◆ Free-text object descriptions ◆
■ ■ ■ ■ ■ ■ ■

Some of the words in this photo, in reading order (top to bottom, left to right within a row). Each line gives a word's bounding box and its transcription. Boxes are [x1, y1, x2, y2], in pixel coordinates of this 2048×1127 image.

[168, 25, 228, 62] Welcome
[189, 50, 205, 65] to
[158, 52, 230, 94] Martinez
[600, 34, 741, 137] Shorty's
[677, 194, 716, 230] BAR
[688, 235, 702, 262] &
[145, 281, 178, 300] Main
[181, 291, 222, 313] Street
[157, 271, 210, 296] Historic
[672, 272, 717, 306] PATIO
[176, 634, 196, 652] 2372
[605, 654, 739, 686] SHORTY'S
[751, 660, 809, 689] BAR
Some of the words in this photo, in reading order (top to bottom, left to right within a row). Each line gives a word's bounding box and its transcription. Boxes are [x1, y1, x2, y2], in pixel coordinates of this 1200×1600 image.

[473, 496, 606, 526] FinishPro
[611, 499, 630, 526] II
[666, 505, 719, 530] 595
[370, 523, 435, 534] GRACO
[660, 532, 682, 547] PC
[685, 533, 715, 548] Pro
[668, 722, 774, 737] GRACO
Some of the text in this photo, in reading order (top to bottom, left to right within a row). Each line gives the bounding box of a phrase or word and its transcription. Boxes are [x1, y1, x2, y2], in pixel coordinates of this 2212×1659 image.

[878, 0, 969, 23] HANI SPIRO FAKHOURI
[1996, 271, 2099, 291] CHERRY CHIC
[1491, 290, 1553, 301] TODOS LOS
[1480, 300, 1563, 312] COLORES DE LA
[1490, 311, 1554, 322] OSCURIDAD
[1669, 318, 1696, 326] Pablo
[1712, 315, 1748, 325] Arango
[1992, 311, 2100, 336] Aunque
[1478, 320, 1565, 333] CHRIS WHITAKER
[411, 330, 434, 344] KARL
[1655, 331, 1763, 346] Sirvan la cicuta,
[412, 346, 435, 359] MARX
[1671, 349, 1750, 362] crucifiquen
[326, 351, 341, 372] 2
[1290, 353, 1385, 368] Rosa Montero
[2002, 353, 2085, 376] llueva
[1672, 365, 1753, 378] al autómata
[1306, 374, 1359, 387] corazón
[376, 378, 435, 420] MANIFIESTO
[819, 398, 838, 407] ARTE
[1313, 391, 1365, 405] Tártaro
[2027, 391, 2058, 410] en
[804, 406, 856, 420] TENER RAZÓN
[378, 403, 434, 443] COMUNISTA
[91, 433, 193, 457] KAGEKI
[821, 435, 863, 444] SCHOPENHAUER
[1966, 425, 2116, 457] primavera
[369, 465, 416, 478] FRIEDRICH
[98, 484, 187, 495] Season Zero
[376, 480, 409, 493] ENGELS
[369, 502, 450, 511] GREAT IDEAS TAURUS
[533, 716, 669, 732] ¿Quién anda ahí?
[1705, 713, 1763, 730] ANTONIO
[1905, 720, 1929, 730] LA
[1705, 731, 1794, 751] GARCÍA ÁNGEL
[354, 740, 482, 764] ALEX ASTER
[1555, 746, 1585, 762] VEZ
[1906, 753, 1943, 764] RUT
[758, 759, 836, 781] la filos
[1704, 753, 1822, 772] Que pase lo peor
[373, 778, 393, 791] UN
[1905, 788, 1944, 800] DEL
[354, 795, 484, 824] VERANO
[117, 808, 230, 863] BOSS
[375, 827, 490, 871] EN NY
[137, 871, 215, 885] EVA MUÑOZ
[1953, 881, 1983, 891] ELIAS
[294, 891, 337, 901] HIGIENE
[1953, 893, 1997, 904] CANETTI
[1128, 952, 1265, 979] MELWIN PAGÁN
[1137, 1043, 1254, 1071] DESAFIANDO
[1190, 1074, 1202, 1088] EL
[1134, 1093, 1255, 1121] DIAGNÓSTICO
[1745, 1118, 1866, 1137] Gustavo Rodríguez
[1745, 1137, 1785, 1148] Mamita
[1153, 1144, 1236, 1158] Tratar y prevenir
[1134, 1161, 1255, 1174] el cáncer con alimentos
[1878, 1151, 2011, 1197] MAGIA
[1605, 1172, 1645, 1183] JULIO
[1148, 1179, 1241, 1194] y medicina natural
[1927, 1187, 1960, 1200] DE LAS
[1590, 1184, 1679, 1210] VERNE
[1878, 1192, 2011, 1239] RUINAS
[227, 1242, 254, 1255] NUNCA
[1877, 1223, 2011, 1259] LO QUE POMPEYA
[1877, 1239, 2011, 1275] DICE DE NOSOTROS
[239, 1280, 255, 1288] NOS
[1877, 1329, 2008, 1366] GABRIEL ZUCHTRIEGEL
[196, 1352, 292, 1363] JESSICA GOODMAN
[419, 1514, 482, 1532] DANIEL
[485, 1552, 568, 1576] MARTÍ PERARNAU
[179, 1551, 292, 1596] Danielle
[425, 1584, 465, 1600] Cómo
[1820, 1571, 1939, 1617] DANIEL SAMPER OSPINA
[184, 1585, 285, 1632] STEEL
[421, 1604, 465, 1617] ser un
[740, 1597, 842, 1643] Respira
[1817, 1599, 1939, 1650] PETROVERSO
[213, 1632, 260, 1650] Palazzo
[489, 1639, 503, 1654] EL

■ ■ ■ ■ ■ ■ ■

◆ Task statement ◆
From the first line to the last, reproduce the data exactly.

◆ Result ◆
Some of the words in this photo, in reading order (top to bottom, left to right within a row). Each line gives a word's bounding box and its transcription. Boxes are [x1, y1, x2, y2], in pixel coordinates of this 2048×1127 image.

[168, 25, 228, 62] Welcome
[189, 50, 205, 65] to
[158, 52, 230, 94] Martinez
[600, 34, 741, 137] Shorty's
[677, 194, 716, 230] BAR
[688, 235, 702, 262] &
[145, 281, 178, 300] Main
[181, 291, 222, 313] Street
[157, 271, 210, 296] Historic
[672, 272, 717, 306] PATIO
[176, 634, 196, 652] 2372
[605, 654, 739, 686] SHORTY'S
[751, 660, 809, 689] BAR
Some of the words in this photo, in reading order (top to bottom, left to right within a row). Each line gives a word's bounding box and its transcription. Boxes are [x1, y1, x2, y2], in pixel coordinates of this 1200×1600 image.

[473, 496, 606, 526] FinishPro
[611, 499, 630, 526] II
[666, 505, 719, 530] 595
[370, 523, 435, 534] GRACO
[660, 532, 682, 547] PC
[685, 533, 715, 548] Pro
[668, 722, 774, 737] GRACO
Some of the text in this photo, in reading order (top to bottom, left to right within a row). Each line gives the bounding box of a phrase or word and its transcription. Boxes are [x1, y1, x2, y2], in pixel coordinates of this 2212×1659 image.

[878, 0, 969, 23] HANI SPIRO FAKHOURI
[1996, 271, 2099, 291] CHERRY CHIC
[1491, 290, 1553, 301] TODOS LOS
[1480, 300, 1563, 312] COLORES DE LA
[1490, 311, 1554, 322] OSCURIDAD
[1669, 318, 1696, 326] Pablo
[1712, 315, 1748, 325] Arango
[1992, 311, 2100, 336] Aunque
[1478, 320, 1565, 333] CHRIS WHITAKER
[411, 330, 434, 344] KARL
[1655, 331, 1763, 346] Sirvan la cicuta,
[412, 346, 435, 359] MARX
[1671, 349, 1750, 362] crucifiquen
[326, 351, 341, 372] 2
[1290, 353, 1385, 368] Rosa Montero
[2002, 353, 2085, 376] llueva
[1672, 365, 1753, 378] al autómata
[1306, 374, 1359, 387] corazón
[376, 378, 435, 420] MANIFIESTO
[819, 398, 838, 407] ARTE
[1313, 391, 1365, 405] Tártaro
[2027, 391, 2058, 410] en
[804, 406, 856, 420] TENER RAZÓN
[378, 403, 434, 443] COMUNISTA
[91, 433, 193, 457] KAGEKI
[821, 435, 863, 444] SCHOPENHAUER
[1966, 425, 2116, 457] primavera
[369, 465, 416, 478] FRIEDRICH
[98, 484, 187, 495] Season Zero
[376, 480, 409, 493] ENGELS
[369, 502, 450, 511] GREAT IDEAS TAURUS
[533, 716, 669, 732] ¿Quién anda ahí?
[1705, 713, 1763, 730] ANTONIO
[1905, 720, 1929, 730] LA
[1705, 731, 1794, 751] GARCÍA ÁNGEL
[354, 740, 482, 764] ALEX ASTER
[1555, 746, 1585, 762] VEZ
[1906, 753, 1943, 764] RUT
[758, 759, 836, 781] la filos
[1704, 753, 1822, 772] Que pase lo peor
[373, 778, 393, 791] UN
[1905, 788, 1944, 800] DEL
[354, 795, 484, 824] VERANO
[117, 808, 230, 863] BOSS
[375, 827, 490, 871] EN NY
[137, 871, 215, 885] EVA MUÑOZ
[1953, 881, 1983, 891] ELIAS
[294, 891, 337, 901] HIGIENE
[1953, 893, 1997, 904] CANETTI
[1128, 952, 1265, 979] MELWIN PAGÁN
[1137, 1043, 1254, 1071] DESAFIANDO
[1190, 1074, 1202, 1088] EL
[1134, 1093, 1255, 1121] DIAGNÓSTICO
[1745, 1118, 1866, 1137] Gustavo Rodríguez
[1745, 1137, 1785, 1148] Mamita
[1153, 1144, 1236, 1158] Tratar y prevenir
[1134, 1161, 1255, 1174] el cáncer con alimentos
[1878, 1151, 2011, 1197] MAGIA
[1605, 1172, 1645, 1183] JULIO
[1148, 1179, 1241, 1194] y medicina natural
[1927, 1187, 1960, 1200] DE LAS
[1590, 1184, 1679, 1210] VERNE
[1878, 1192, 2011, 1239] RUINAS
[227, 1242, 254, 1255] NUNCA
[1877, 1223, 2011, 1259] LO QUE POMPEYA
[1877, 1239, 2011, 1275] DICE DE NOSOTROS
[239, 1280, 255, 1288] NOS
[1877, 1329, 2008, 1366] GABRIEL ZUCHTRIEGEL
[196, 1352, 292, 1363] JESSICA GOODMAN
[419, 1514, 482, 1532] DANIEL
[485, 1552, 568, 1576] MARTÍ PERARNAU
[179, 1551, 292, 1596] Danielle
[425, 1584, 465, 1600] Cómo
[1820, 1571, 1939, 1617] DANIEL SAMPER OSPINA
[184, 1585, 285, 1632] STEEL
[421, 1604, 465, 1617] ser un
[740, 1597, 842, 1643] Respira
[1817, 1599, 1939, 1650] PETROVERSO
[213, 1632, 260, 1650] Palazzo
[489, 1639, 503, 1654] EL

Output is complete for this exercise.